70 to 85db is quite loud, 75db (0db on the receivers display) is reference level and most people find that louder than what is comfortable to listen to for long periods of time particularly for music. If -30 db is a nice level for still having a conversation with someone else that is about right.


----------



## nova (Apr 30, 2006)

Sounds about right to me. My Denon 3805 is usually set about -22 and I crank it up to about -12 for a good action or sci-fi movie.

Nothing wrong with your Denon. Do these other people you have spoken to use a Denon as well? Not all AVRs are the same. My Denon starts out at -80 and goes up to +15.5, my old Kenwood starts at -99 and goes up to 0, my old Sony started at 0 and went up to +99. 

Also depends upon your room and speaker trim levels, two 4311's in different rooms will likely have a different volume level settings to achieve the same SPL. 

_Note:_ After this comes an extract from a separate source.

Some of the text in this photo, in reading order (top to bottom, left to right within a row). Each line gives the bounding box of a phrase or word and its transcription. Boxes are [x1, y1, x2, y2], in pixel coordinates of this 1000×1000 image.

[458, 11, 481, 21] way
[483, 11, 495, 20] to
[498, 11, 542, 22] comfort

You can also take into account a speakers sensitivity, a pair of RBH Sound MC-4C at 84dB (2.83V @ 1 Meter) are going to require that volume knob to be turned up quite a bit more than a pair of Klipsch RF-7 II at 101dB (2.83V @ 1 Meter). There are quite a few variables that come into play here.


----------



## pxj (Jun 10, 2011)

Tony and Nova thank you for your responses. I thought I was going nuts for a second.


----------



## WooferHound (Dec 8, 2010)

You guys are getting 2 different levels mixed up.

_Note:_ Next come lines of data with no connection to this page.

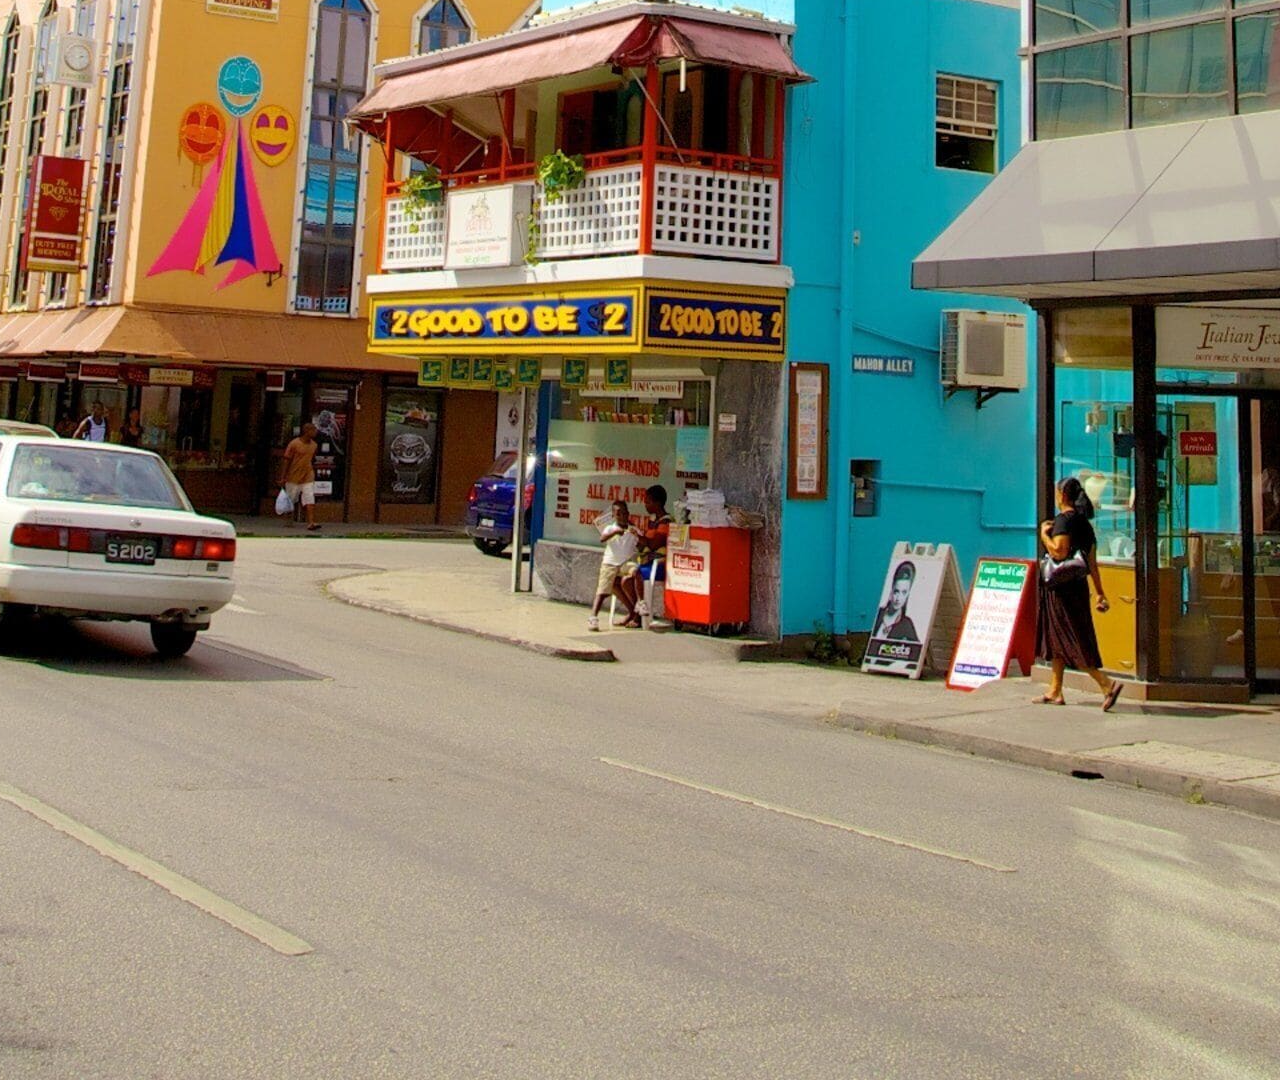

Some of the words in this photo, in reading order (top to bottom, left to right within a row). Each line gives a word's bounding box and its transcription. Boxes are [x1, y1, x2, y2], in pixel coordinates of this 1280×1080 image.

[41, 183, 80, 201] ROYAL
[57, 241, 75, 250] FREE
[486, 306, 528, 333] TO
[533, 305, 579, 332] BE
[715, 308, 739, 335] TO
[739, 310, 764, 337] BE
[1196, 322, 1254, 350] Italian
[853, 357, 884, 371] MAHON
[886, 359, 914, 373] ALLEY
[1231, 353, 1240, 363] &
[1183, 444, 1214, 452] Arrivals
[594, 457, 616, 472] TOP
[617, 457, 661, 478] BRANDS
[586, 483, 606, 500] ALL
[607, 485, 621, 502] AT
[623, 488, 631, 503] A

When you are listening to a sound system you will measure the sound pressure in the air and loud stuff will be 85 to 120 DB

The level that you are seeing on your equipment is an electrical DBm Level, which is power ratio in decibels (dB) of the measured power referenced to one milliwatt (mW). It is used in radio, microwave and fiber optic networks as a convenient measure of absolute power because of its capability to express both very large and very small values in a short form.
http://en.wikipedia.org/wiki/DBm


----------



## gdstupak (Jul 13, 2010)

Besides individual speaker trim levels effecting how loud your system is at a given main volume knob setting (i.e. -20dB), you can also change the output by boosting or cutting the gain for each input, this is used for volume matching the inputs. In other words, if the volume of the TV input is much louder than other inputs (i.e. CD, DVD, GAME...), then you can either lower the gain on the TV input, or you can raise all the other input's gains.

I have all my input's gains adjusted so that a main volume display of -20dB is comfortable with most everything. 
If I boosted all of the input's gains by 10dB, then I would need to use a lower main volume display of -30dB to get that same comfortable listening level.


----------



## pxj (Jun 10, 2011)

> I have all my input's gains adjusted so that a main volume display of -20dB is comfortable with most everything


 interesting , so your sources input into your AVR has its volume level adjusted ? just trying to understand what your getting at.:scratch:


----------



## tonyvdb (Sep 5, 2007)

Most receivers have a trim level on the input so it can be balanced to be the same level as all other inputs.


----------



## gdstupak (Jul 13, 2010)

pxj said:


> interesting , so your sources input into your AVR has its volume level adjusted ? just trying to understand what your getting at.:scratch:


As Tony has responded, yes, each input has it's own trim level/gain/volume control.
In Onkyo it is called IntelliVolume(sp?).


----------



## pxj (Jun 10, 2011)

I think I got it, I need to read the manual for the Denon 4311. I know there is a channel adjustment but that is for speakers. I think what i'm looking at now is the Source Level: '"" This function adjusts the relative playback volume of an audio input, useful when there are differences in the input volume levels between different sources. You can correct the playback level of the audio input from -12 to +12dB.""


----------



## tonyvdb (Sep 5, 2007)

Yup, thats it :T


----------



## gdstupak (Jul 13, 2010)

Yep, that sounds like it.
I like the name Source Level better than Onkyo's IntelliVolume. I like names that actually sound like a description of what they do.


----------



## pxj (Jun 10, 2011)

All I know what a difference a small tweak makes. Thanks guys for the help :clap:


----------